Work instruction: Write out the data once more, exactly as it reads.
□ □ □ □ □ □ □
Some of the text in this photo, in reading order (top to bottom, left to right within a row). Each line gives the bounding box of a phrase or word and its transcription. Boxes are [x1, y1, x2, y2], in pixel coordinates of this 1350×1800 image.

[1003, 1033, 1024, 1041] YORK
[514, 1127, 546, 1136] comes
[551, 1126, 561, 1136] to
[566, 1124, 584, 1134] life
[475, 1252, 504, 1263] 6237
□ □ □ □ □ □ □
Completed task:
Some of the text in this photo, in reading order (top to bottom, left to right within a row). Each line gives the bounding box of a phrase or word and its transcription. Boxes are [x1, y1, x2, y2], in pixel coordinates of this 1350×1800 image.

[1003, 1033, 1024, 1041] YORK
[514, 1127, 546, 1136] comes
[551, 1126, 561, 1136] to
[566, 1124, 584, 1134] life
[475, 1252, 504, 1263] 6237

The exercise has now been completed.